Our major policy think tanks were designed to find nonpartisan solutions to problems and encourage a full-throated debate on issues and major candidates. 

This year, we got weak candidates and simplistic campaigns producing a president-elect who promised to address immigration by building a wall, deal with Syria by bombing the daylights out of ISIS, replace shaky Obamacare with a vague substitute, and cut tax rates for corporations like it was a garden hedge out of control.

Our political parties were virtual bystanders to a process they owned. They had little to with producing the best-qualified candidates. As a result of the broken primary process, in which a few people in a few states determined who the leading candidates were, party leadership had little to do with the final result.

Only one of the final candidates was a full-fledged party member – Mrs. Clinton.  Mr. Trump was only conveniently a Republican. Ted Cruz was loathed by his Senate Republican colleagues. Bernie Sanders was an independent socialist who caucuses with Senate Democrats but had no allegiance with them.

When the party tried to end his campaign or at least minimize the damage he was doing to Mrs. Clinton, he kept on going, fueled by support from independents that hardly identified with either party.

Sadly, neither the parties nor the campaigns offered up fresh ideas on how to fix the nation’s problems. We have little idea, for instance, how Mr. Trump will pay for infrastructure projects, create jobs and reduce the deficit.

Think tanks, which have played a role in offering up ideas and plans, have become overtly partisan and played little or no objective role in this campaign. They were established to guide debate by applying deep expertise to our policy dialogue. But these institutions have been unmoored from their original purpose of objective inquiry by offering policy-for- hire solutions to curry favor with donors who had an agenda.

The media’s many failures piled up long before votes were tallied. Here are two fatal examples:

Beyond the astonishing amount of free media that propelled the Trump campaign early on, cable television’s raw biases were in full view as liberal hosts verbally attacked Trump or conservatives savaged Clinton campaign officials. Social media algorithms often circulated utter nonsense or falsehoods simply because they were “liked” on Facebook. Our informed electorate was nourished on far too much political junk food.

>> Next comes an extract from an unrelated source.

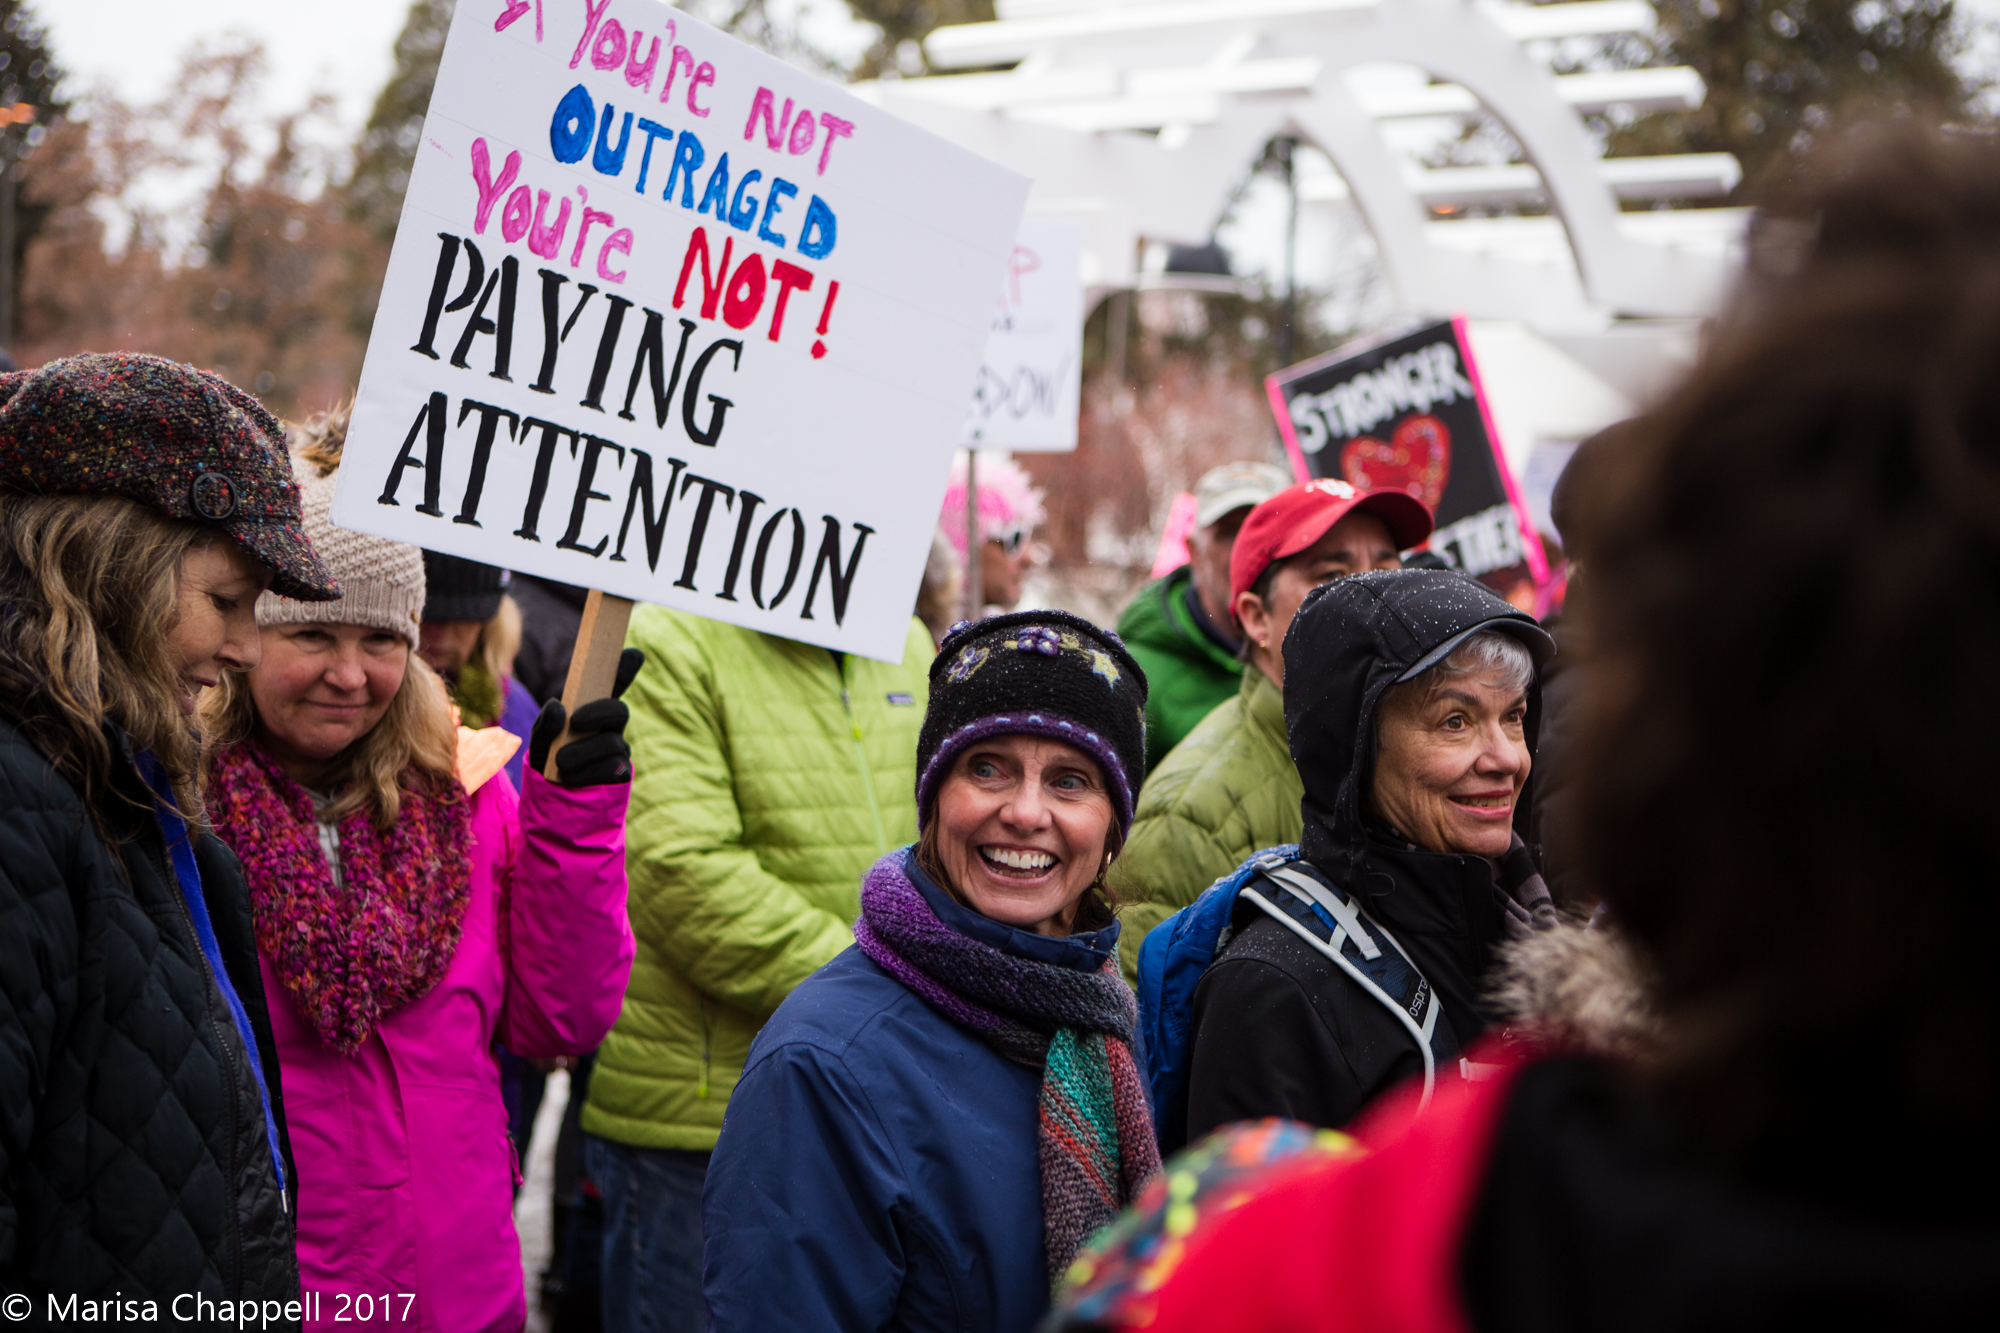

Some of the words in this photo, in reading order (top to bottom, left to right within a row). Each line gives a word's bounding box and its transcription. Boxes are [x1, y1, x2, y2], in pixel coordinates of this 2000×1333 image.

Both candidates jumped over the press by putting out their news via social media. Trump was ingenious at this compared to Clinton, who will be remembered for doing her best to avoid press conferences and other open contact with journalists.

Institutional problems are not easily changed. But here are some of the ways we can begin to give citizens better candidates and better information. We must restructure the party primary systems. 

On college campuses, promote media literacy to helps young citizens be more discriminating of what they read and hear. As communication educators we must do more to teach skills so that people can be discerning about their sources of information.

Think tanks must be rejuvenated with open-minded donors who fund expert inquiry to get unbiased answers to our national problems, rather than the solutions they prefer.

This is only a start at addressing the failures of political institutions.  But start we must if we are to ensure a viable democracy.  If we do not, the next election cycle could be worse than this one. 

Apcar is the Wendell Gray Switzer Endowed Chair in Media Literacy. Hamilton is an LSU faculty member and a global fellow at the Woodrow Wilson Center for Scholars.